== ASSIGNED TASK ==
Could you output each record below exactly as it stands and leave the pictures out?

== INFORMATION SUPPLIED ==
------------------------------

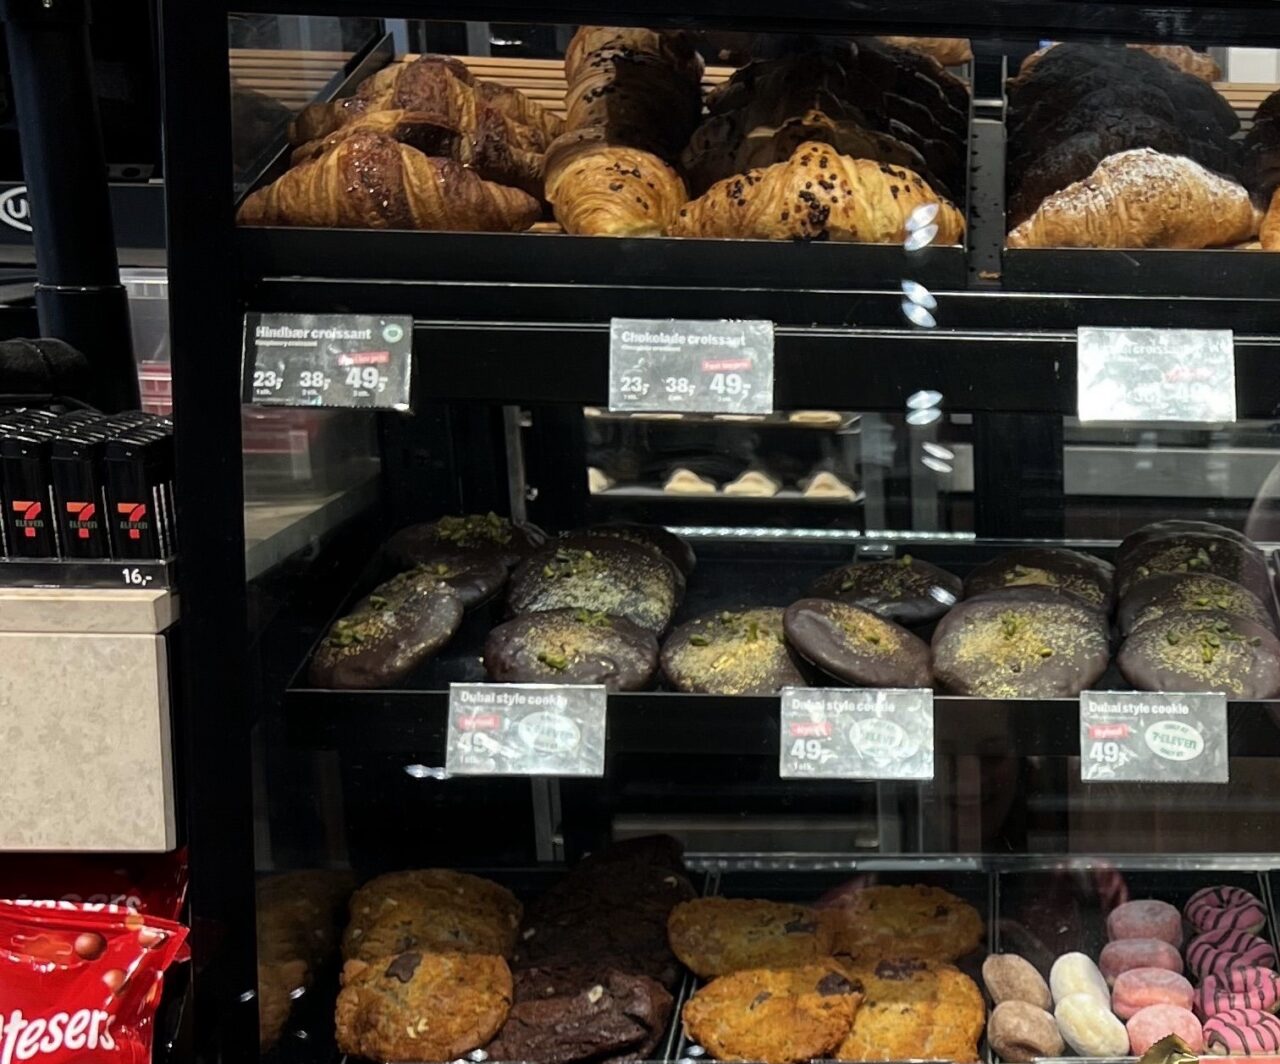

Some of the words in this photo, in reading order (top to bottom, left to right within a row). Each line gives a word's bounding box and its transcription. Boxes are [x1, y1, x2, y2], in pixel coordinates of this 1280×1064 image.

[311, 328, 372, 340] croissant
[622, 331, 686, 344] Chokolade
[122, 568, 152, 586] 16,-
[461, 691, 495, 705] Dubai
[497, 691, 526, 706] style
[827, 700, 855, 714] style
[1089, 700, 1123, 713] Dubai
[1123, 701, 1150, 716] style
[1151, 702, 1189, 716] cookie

------------------------------

== YOUR SOLUTION ==
Some of the words in this photo, in reading order (top to bottom, left to right within a row). Each line gives a word's bounding box and its transcription. Boxes are [x1, y1, x2, y2], in pixel coordinates of this 1280×1064 image.

[311, 328, 372, 340] croissant
[622, 331, 686, 344] Chokolade
[122, 568, 152, 586] 16,-
[461, 691, 495, 705] Dubai
[497, 691, 526, 706] style
[827, 700, 855, 714] style
[1089, 700, 1123, 713] Dubai
[1123, 701, 1150, 716] style
[1151, 702, 1189, 716] cookie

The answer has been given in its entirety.